Kulepas semua baju yang ada di tubuhku, juga kuminta hal yang sama dengan Rendi. Kini kami bertiga dalam keadaan yang sama-sama telanjang. Kulirik kontol Rendi yang sudah tegak, dari sisi ukuran memang tak jauh beda. Namun masing-masing punya kekhasan tersendiri. Punyanya agak melengkung sedangkan punyaku menjulang dengan kokohnya.

Aku memulai duluan dengan merundukkan kepalaku pada bagian bawah perut Marisa. Hutannya yang lebat kuciumi dengan seksama.

"Ouh.. Ouh.." Marisa merintih kenikmatan.

Rendi pun tidak mau ketinggalan, ia mengambil bagian pada wajah Marisa. Ia ciumi bibir Marisa dengan lembutnya. Bibir sensual yang selama ini hanya ada dalam bayangannya.

"Ouh.. Ogh.. Uh.." Marisa tak tahan menahan sensasi serangan bawah atas, tubuhnya menggeliat ke sana ke mari, pantatnya bergoyang bagai tampah yang sedang diputar-putar.

Sambil terus beradu bibir dengan Marisa, tangan Rendi bergerilya ke dalam payudara Marisa yang ranum.

"Ouh.. Ou.." sensasi yang Marisa rasakan makin menjadi-jadi.
"Hh.. Uh.." Desah nafas kami makin tak beraturan.

Sambil terus kujilati 'kacang basah' Marisa, kulihat Rendi mengubah posisi. kontolnya yang melengkung itu ia sodorkan ke mulut Marisa. Dan Marisa pun menyambutnya dengan antusias.

"Ouhh.. Ups.." Pelan dan pasti kontol Rendi keluar masuk dari mulut Marisa.. Terkadang Marisa melahapnya hingga hampir mengenai telurnya.
"Ohh.." Kudengar erangan Rendi menahan kenikmatan dari mulut yang selama ini ia bayangkan. Sementara aku sendiri juga mengubah posisi, kontolku yang sudah tegak kucoba untuk kumasukkan ke dalam tempat 'kacang basah' Marisa.
"Aauuww.. Ohh.. Auww" Marisa berteriak tertahan menahan kenikmatan kontolku, namun tertahan suaranya oleh kontol Rendi yang sedang maju mundur.

Kulihat wajah pacarku ini benar-benar cantik dan menggairahkan dengan dua buah kontol yang sedang memasuki lubang atas dan bawahnya. Kugerakkan kontolku maju mundur mengikuti gerakan Rendi yang juga maju mundur dalam mulut Marisa.

"Ohh.. Ua.. Uuaoww" berbagai suara-suara tertahan serta desahan nafas memecah kesunyian malam itu.

Setelah berlangsung selama 10 menit, kemudian Rendi menoleh ke arahku, meski ia tak bicara tapi aku mengerti kalau ia minta ijin kepadaku untuk tukar posisi, karena ia ingin merasakan juga nikmatnya 'kacang basah' Marisa.
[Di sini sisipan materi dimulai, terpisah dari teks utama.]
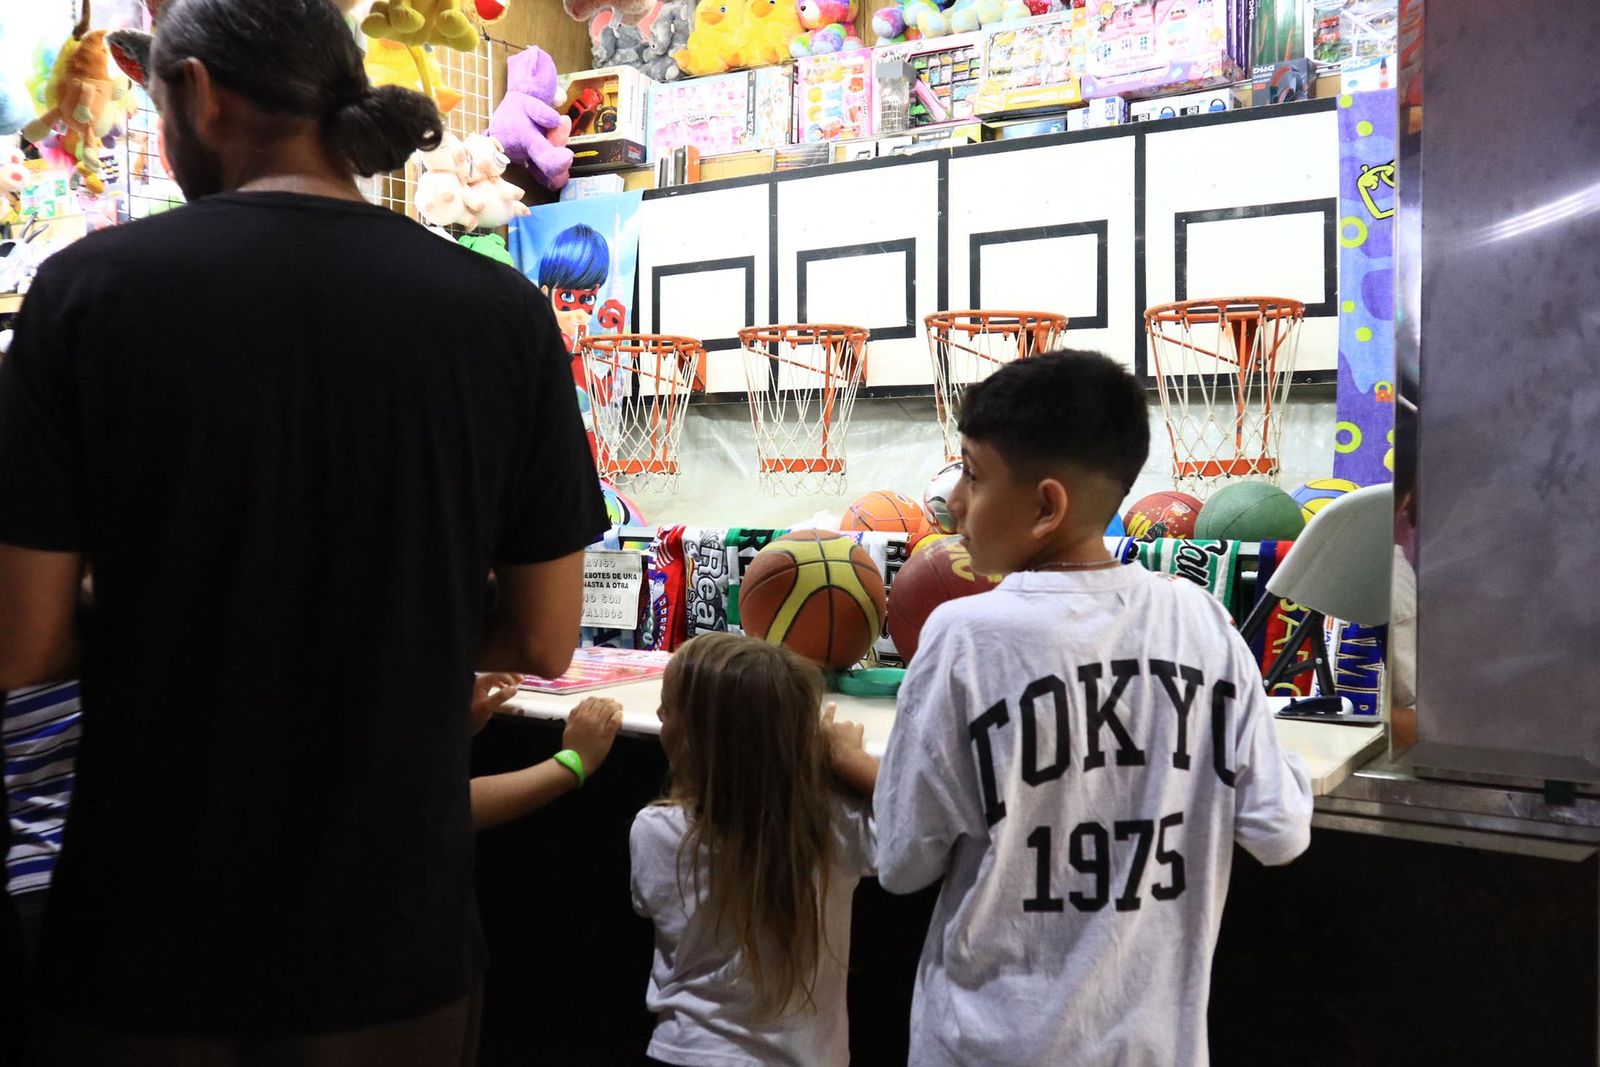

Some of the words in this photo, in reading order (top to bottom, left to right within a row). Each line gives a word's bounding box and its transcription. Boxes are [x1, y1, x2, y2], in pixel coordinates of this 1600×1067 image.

[586, 558, 616, 568] AVISO
[602, 595, 621, 604] SON
[1023, 811, 1186, 913] 1975
Kami pun bertukar tempat. kontol Rendi di bawah, sedangkan kontolku di mulut Marisa.

"Ouhh.. Ohh.." kontolku maju mundur dalam mulut Marisa, kadang kepalanya ia jilat, kadang batangnya bahkan kadang seluruhnya ia telan.
"Ouhh enak sekali Ris.. Punya kamu masih seret.. Ohh" Terdengar Rendi meracau merasakan nikmatnya memek Marisa.
"Ris, kamu makin cantik sekali, dengan wajah penuh permen gitu.. Ohh" matanya melotot kugodain seperti itu, tapi makin tambah nikmat.
"Ohh Ris.. Dada kamu montok sekali.. Ohh"
"Ahh.. Kamu menggairahkan sekali Ris.."
"Auh.. Ohh" sensasi yang kami rasakan makin menjadi.

Mata Marisa berkejap-kejap tanda ia sudah mau mencapai orgasme, aku hapal betul tanda-tanda ini karena aku sering bermain cinta dengan Marisa.
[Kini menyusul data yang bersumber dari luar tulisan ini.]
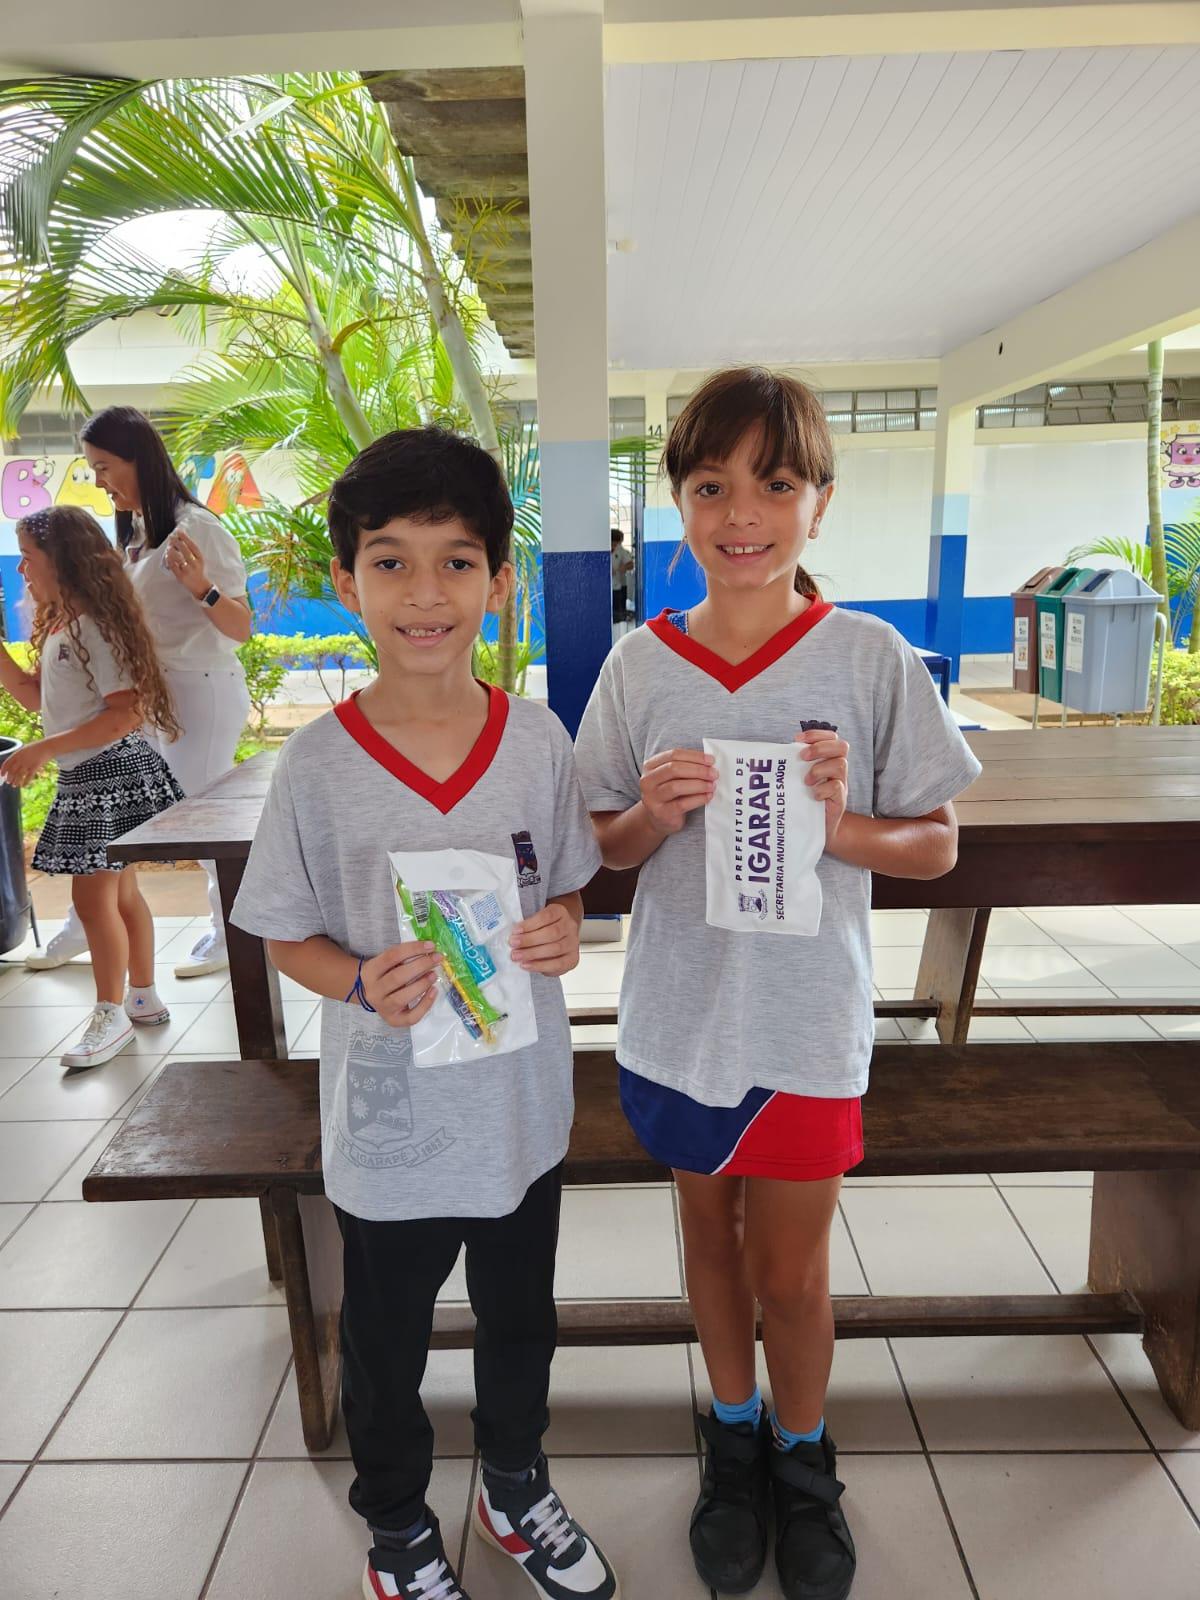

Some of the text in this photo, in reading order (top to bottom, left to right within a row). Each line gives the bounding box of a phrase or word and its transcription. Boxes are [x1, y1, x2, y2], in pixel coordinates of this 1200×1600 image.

[648, 424, 662, 440] 14
[735, 757, 744, 881] PREFEITURA DE
[746, 758, 773, 884] IGARAPÉ
[776, 758, 787, 921] SECRETARIA MUNICIPAL DE SAÚDE
"Ohh.. Ohh.." Di saat yang sama akupun juga merasakan hal serupa, akhirnya kutumpahkan seluruh lahar panasku kemulutnya. Crutt.. Crutt..
"Ups.. Ohh.."

Mulut Marisa belepotan oleh cairan lahar panasku. Sebagian ia telan karena ia mempercayai akan membuatnya awet muda. Sedangkan Rendi masih terus memompa, tapi kulihat ia pun hampir mengeluarkan lahar panasnya.

"Ohh.. Huu.. Ohhghh.."

Cret.. Cret.. Crret.. Tumpahlah lahar panas Rendi yang ia keluarkan di perut Marisa, sengaja ia tidak mau mengeluarkan di dalam karena takut resiko pada kehamilan Marisa, meski sebenarnya Marisa sudah meminum obat anti hamil.
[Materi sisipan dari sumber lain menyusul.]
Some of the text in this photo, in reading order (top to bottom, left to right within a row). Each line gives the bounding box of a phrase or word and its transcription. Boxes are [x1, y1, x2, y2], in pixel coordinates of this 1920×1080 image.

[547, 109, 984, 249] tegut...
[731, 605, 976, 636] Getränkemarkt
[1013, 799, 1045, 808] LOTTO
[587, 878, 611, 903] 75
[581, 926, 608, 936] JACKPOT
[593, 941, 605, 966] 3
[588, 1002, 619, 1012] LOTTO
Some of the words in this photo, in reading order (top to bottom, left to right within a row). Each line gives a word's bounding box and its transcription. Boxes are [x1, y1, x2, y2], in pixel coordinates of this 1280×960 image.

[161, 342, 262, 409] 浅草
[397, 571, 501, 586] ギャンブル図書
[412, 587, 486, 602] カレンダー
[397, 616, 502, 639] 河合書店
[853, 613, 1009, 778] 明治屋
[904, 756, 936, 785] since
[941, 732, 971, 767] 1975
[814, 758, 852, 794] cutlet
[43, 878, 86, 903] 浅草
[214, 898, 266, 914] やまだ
Kami bertiga kemudian tergeletak lemas, namun puas setelah mencapai puncak bersama-sama. Karena Marisa di rumah sendirian, maka semalam kami terus berpesta. Kadang aku dengan Marisa, kadang Rendi dengan Marisa, kadang juga bertiga. Tapi yang pasti aku tidak dengan Rendi karena aku masih waras bukan gay. Dan kulihat Marisa sangat menyukai permainan ini.


Sejak saat itu hubunganku dengan Marisa semakin mesra, tanpa ada rasa cemburu tapi semakin cinta. Dan rencananya kami juga akan segera menikah. Sedangkan petualangan kami terus berlanjut yang mungkin di lain waktu kuceritakan.